>>>>
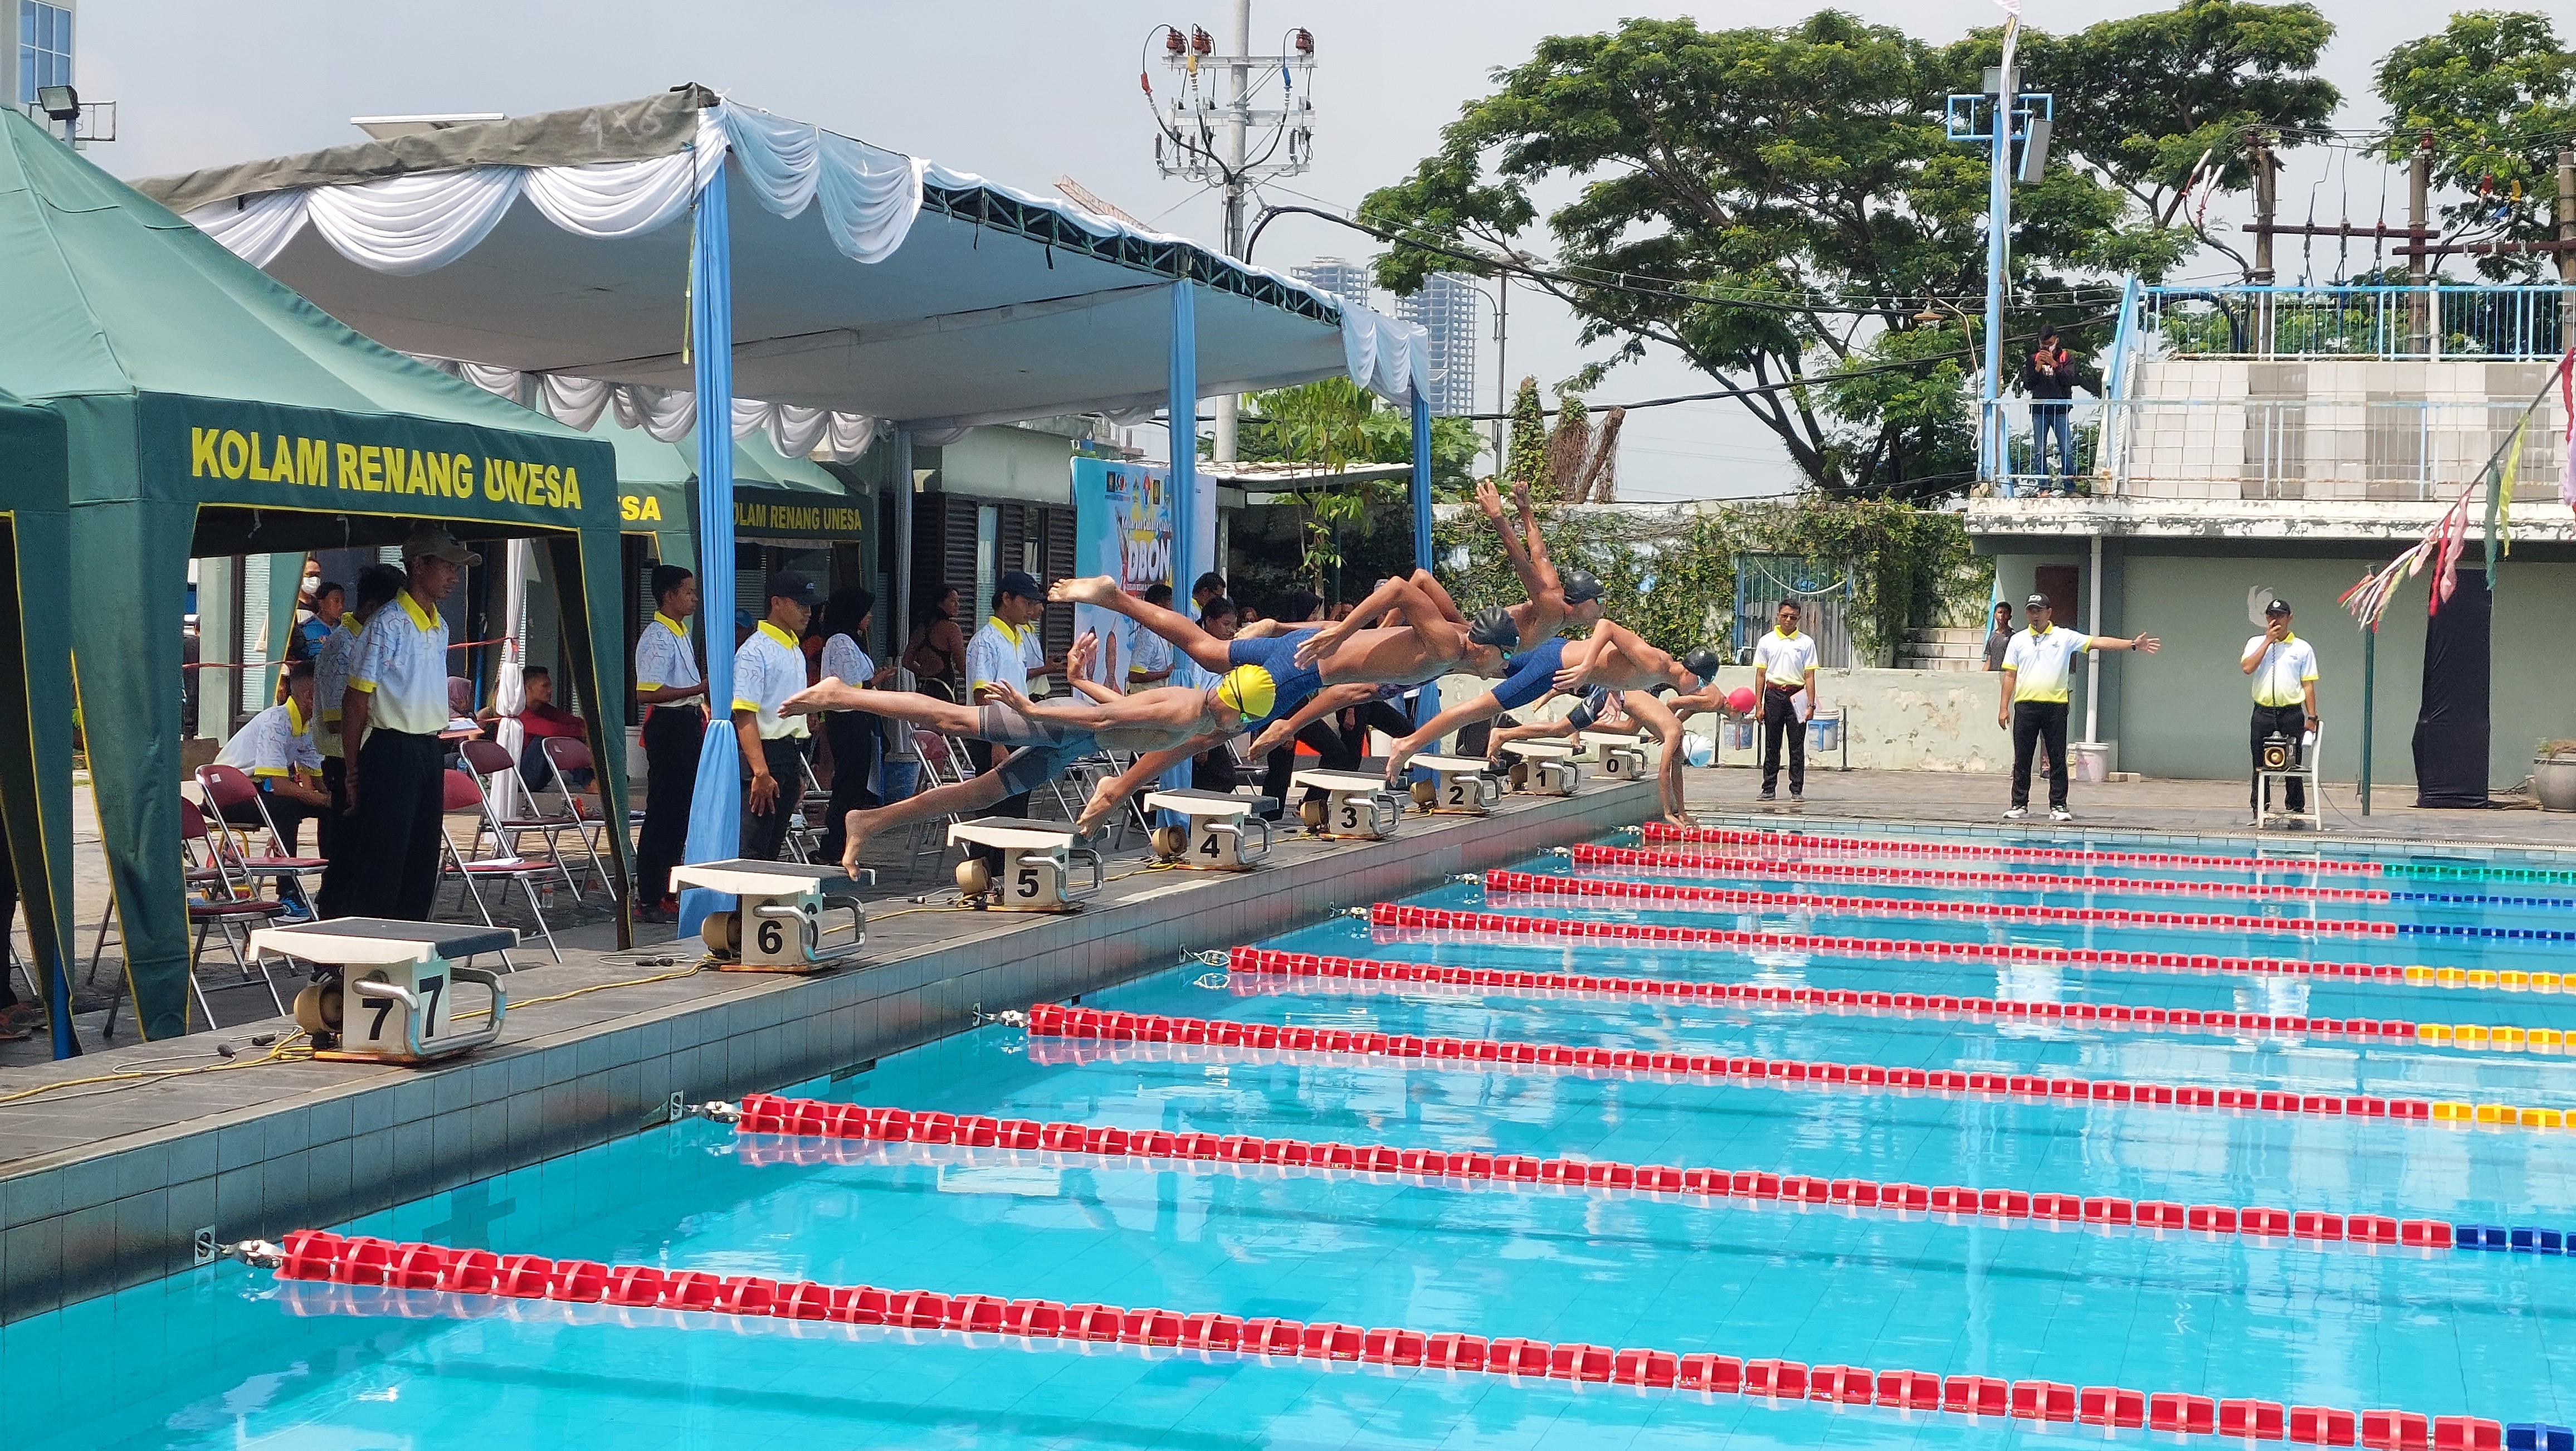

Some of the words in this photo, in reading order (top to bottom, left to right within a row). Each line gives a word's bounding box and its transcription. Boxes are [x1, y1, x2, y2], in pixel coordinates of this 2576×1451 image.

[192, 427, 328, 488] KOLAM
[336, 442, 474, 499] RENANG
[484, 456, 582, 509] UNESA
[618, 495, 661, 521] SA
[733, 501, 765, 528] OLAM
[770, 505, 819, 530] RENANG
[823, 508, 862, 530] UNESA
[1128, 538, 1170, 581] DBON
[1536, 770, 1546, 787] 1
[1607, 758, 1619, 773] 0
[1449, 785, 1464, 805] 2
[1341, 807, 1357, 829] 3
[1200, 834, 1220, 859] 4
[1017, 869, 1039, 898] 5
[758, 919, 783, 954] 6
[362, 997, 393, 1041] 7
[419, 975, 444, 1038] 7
<<<<
>>>>
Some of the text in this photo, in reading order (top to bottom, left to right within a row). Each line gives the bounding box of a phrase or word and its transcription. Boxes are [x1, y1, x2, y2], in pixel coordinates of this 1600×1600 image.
<<<<
>>>>
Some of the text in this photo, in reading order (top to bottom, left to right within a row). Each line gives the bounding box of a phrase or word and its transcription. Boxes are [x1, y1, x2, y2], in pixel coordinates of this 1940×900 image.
<<<<
**What the exercise asks**: List, from the entries above, every line in which the word "phrase" shows up.

**Result of the exercise**:
Some of the text in this photo, in reading order (top to bottom, left to right within a row). Each line gives the bounding box of a phrase or word and its transcription. Boxes are [x1, y1, x2, y2], in pixel coordinates of this 1600×1600 image.
Some of the text in this photo, in reading order (top to bottom, left to right within a row). Each line gives the bounding box of a phrase or word and its transcription. Boxes are [x1, y1, x2, y2], in pixel coordinates of this 1940×900 image.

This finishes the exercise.